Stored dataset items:
*** Block opens ***
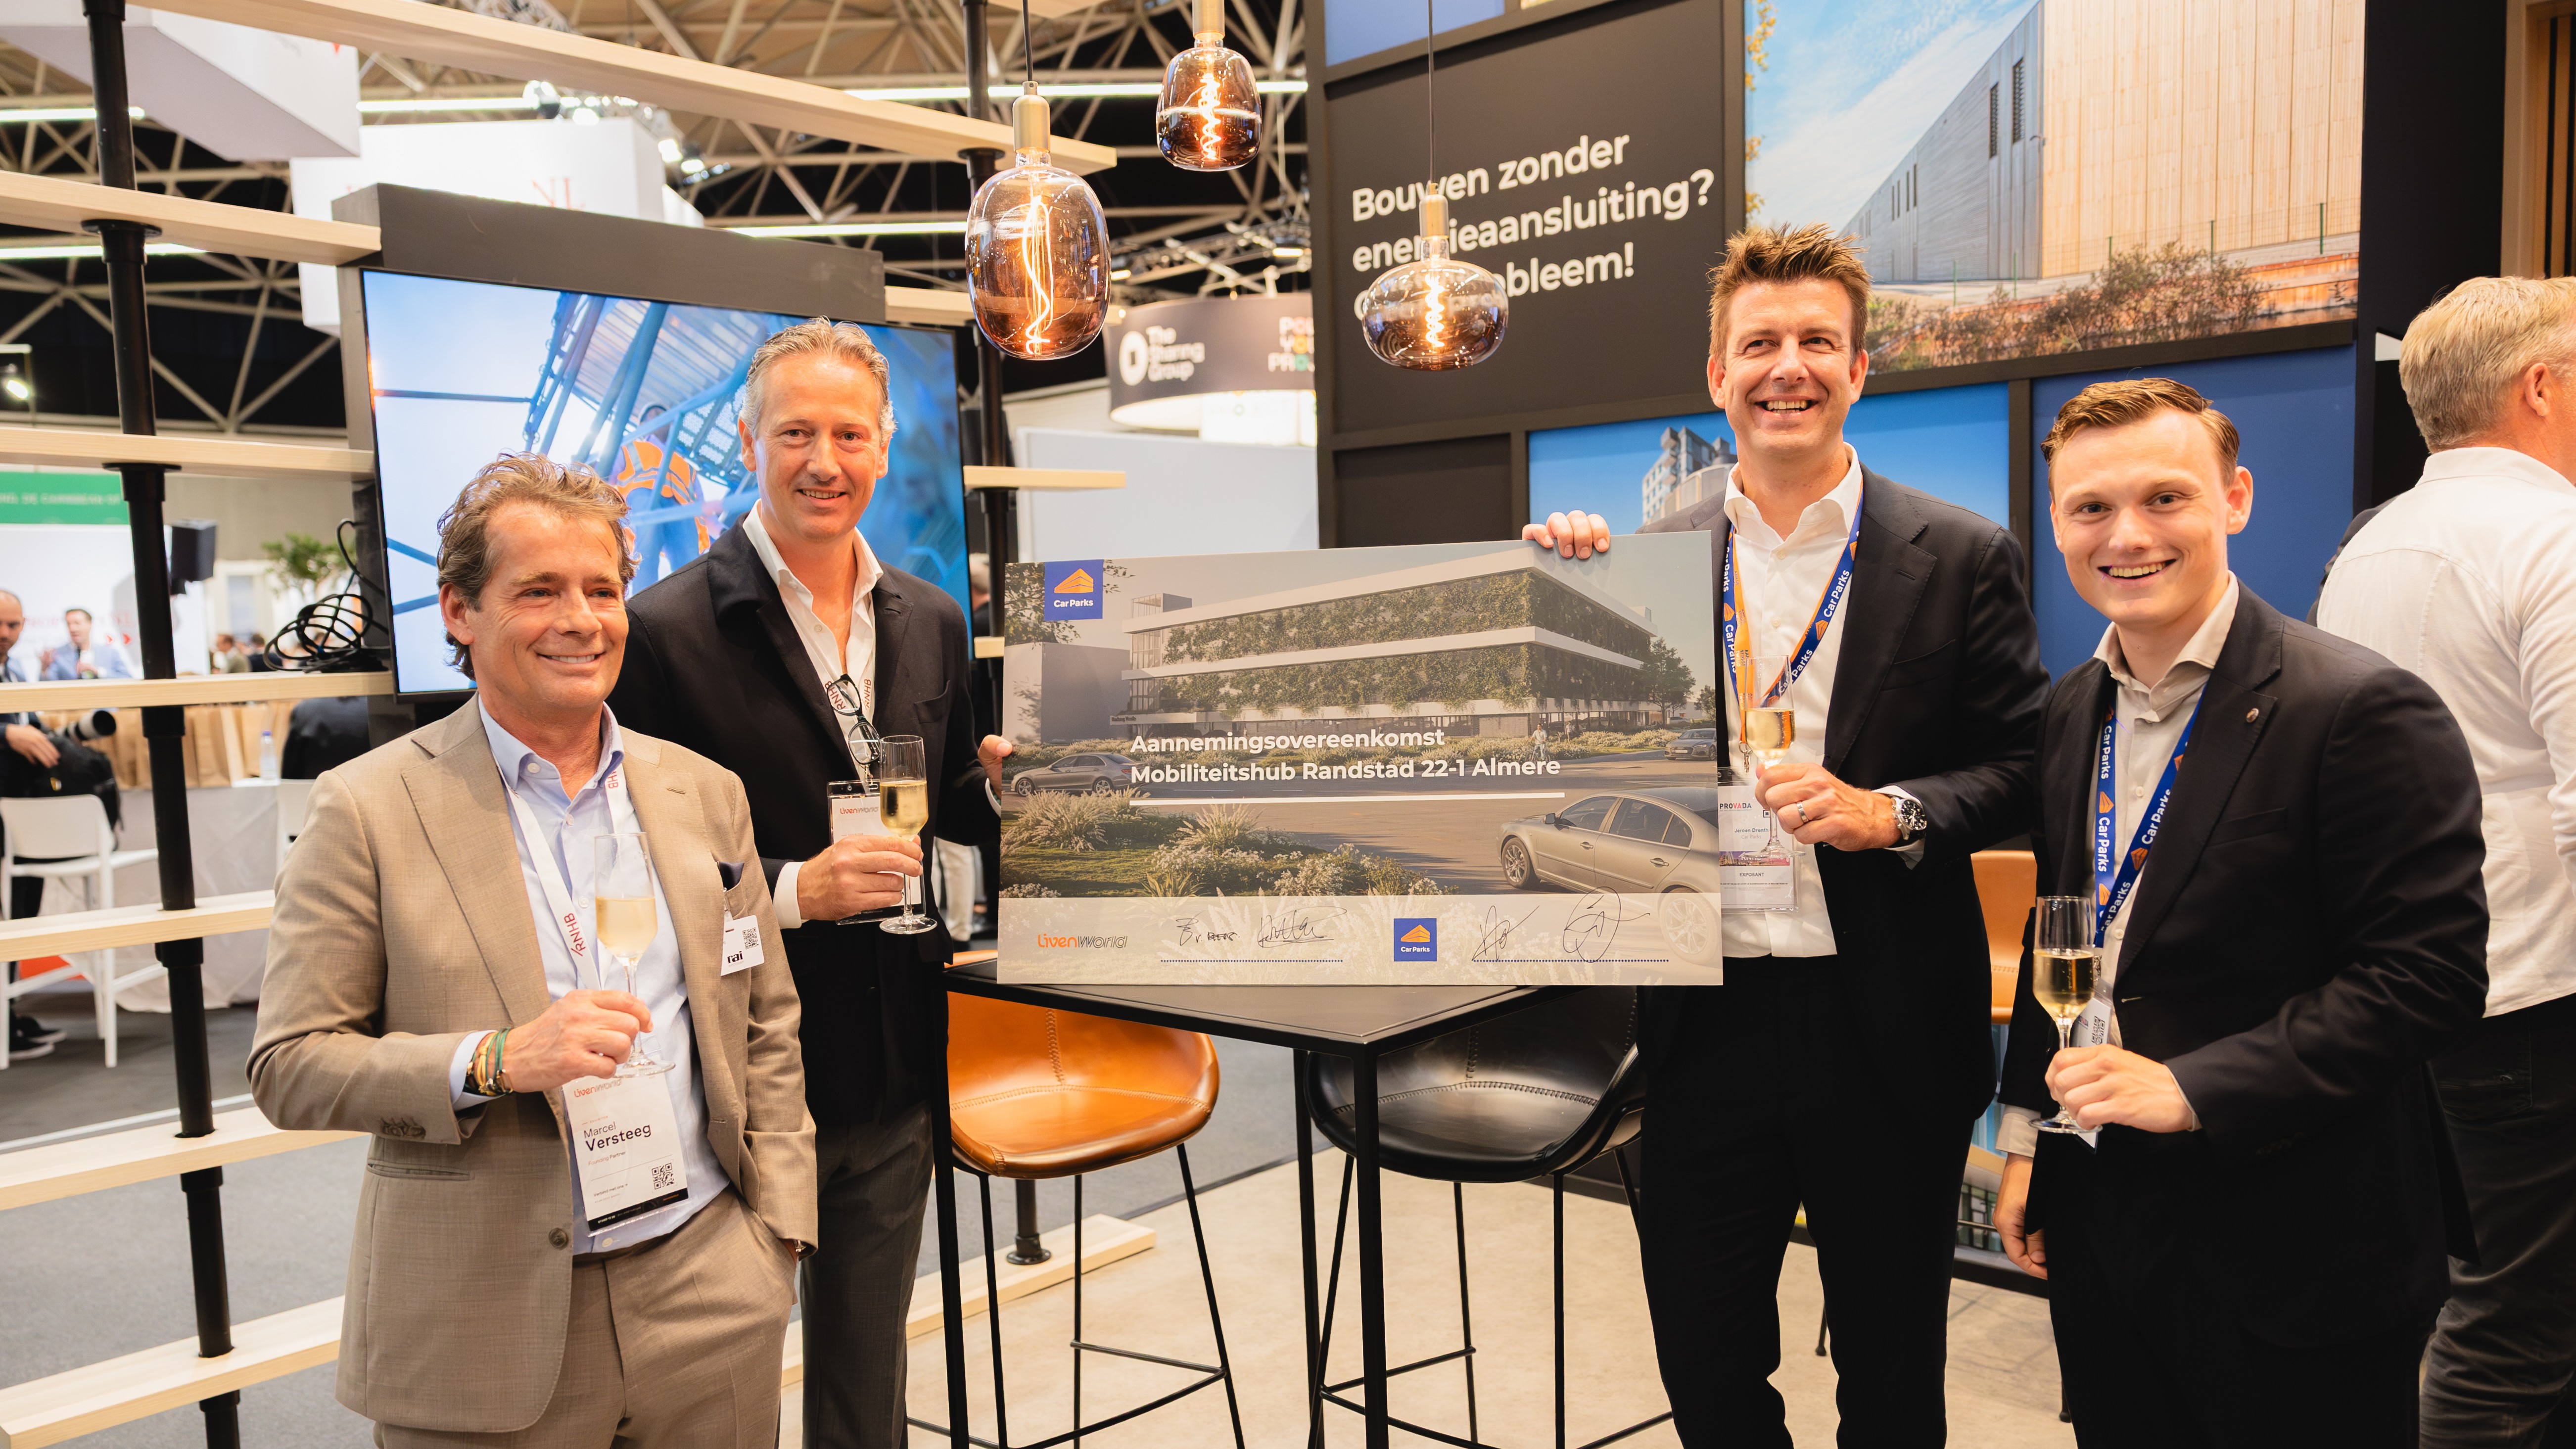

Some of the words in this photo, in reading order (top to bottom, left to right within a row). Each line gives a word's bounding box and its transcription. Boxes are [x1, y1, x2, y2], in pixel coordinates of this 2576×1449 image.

[1498, 134, 1630, 190] zonder
[1353, 168, 1715, 272] enerieaansluiting?
[1146, 326, 1176, 345] The
[1148, 361, 1195, 381] Group
[1070, 599, 1094, 607] Parks
[1824, 598, 1837, 617] Car
[1831, 569, 1850, 600] Parks
[1725, 624, 1734, 644] Car
[1791, 649, 1813, 678] Parks
[1130, 729, 1445, 754] Aannemingsovereenkomst
[2103, 725, 2112, 745] Car
[1131, 762, 1296, 783] Mobiliteitshub
[1303, 759, 1414, 780] Randstad
[1421, 759, 1465, 778] 22-1
[1472, 757, 1560, 777] Almere
[2101, 746, 2111, 779] Parks
[2098, 817, 2110, 838] Car
[2142, 823, 2158, 844] Car
[2098, 839, 2110, 872] Parks
[2109, 882, 2131, 913] Parks
[1037, 933, 1128, 948] LivenWorld
[727, 951, 743, 964] rai
[574, 1078, 622, 1098] LivenWorld
[583, 1122, 616, 1139] Marcel
[585, 1124, 652, 1152] Versteeg
[609, 1151, 626, 1159] Partner
*** Block closes ***
Task description
The entries are to be written out in full and exactly, apart from the pictures.

Answer to this problem
Some of the words in this photo, in reading order (top to bottom, left to right within a row). Each line gives a word's bounding box and its transcription. Boxes are [x1, y1, x2, y2], in pixel coordinates of this 2576×1449 image.

[1498, 134, 1630, 190] zonder
[1353, 168, 1715, 272] enerieaansluiting?
[1146, 326, 1176, 345] The
[1148, 361, 1195, 381] Group
[1070, 599, 1094, 607] Parks
[1824, 598, 1837, 617] Car
[1831, 569, 1850, 600] Parks
[1725, 624, 1734, 644] Car
[1791, 649, 1813, 678] Parks
[1130, 729, 1445, 754] Aannemingsovereenkomst
[2103, 725, 2112, 745] Car
[1131, 762, 1296, 783] Mobiliteitshub
[1303, 759, 1414, 780] Randstad
[1421, 759, 1465, 778] 22-1
[1472, 757, 1560, 777] Almere
[2101, 746, 2111, 779] Parks
[2098, 817, 2110, 838] Car
[2142, 823, 2158, 844] Car
[2098, 839, 2110, 872] Parks
[2109, 882, 2131, 913] Parks
[1037, 933, 1128, 948] LivenWorld
[727, 951, 743, 964] rai
[574, 1078, 622, 1098] LivenWorld
[583, 1122, 616, 1139] Marcel
[585, 1124, 652, 1152] Versteeg
[609, 1151, 626, 1159] Partner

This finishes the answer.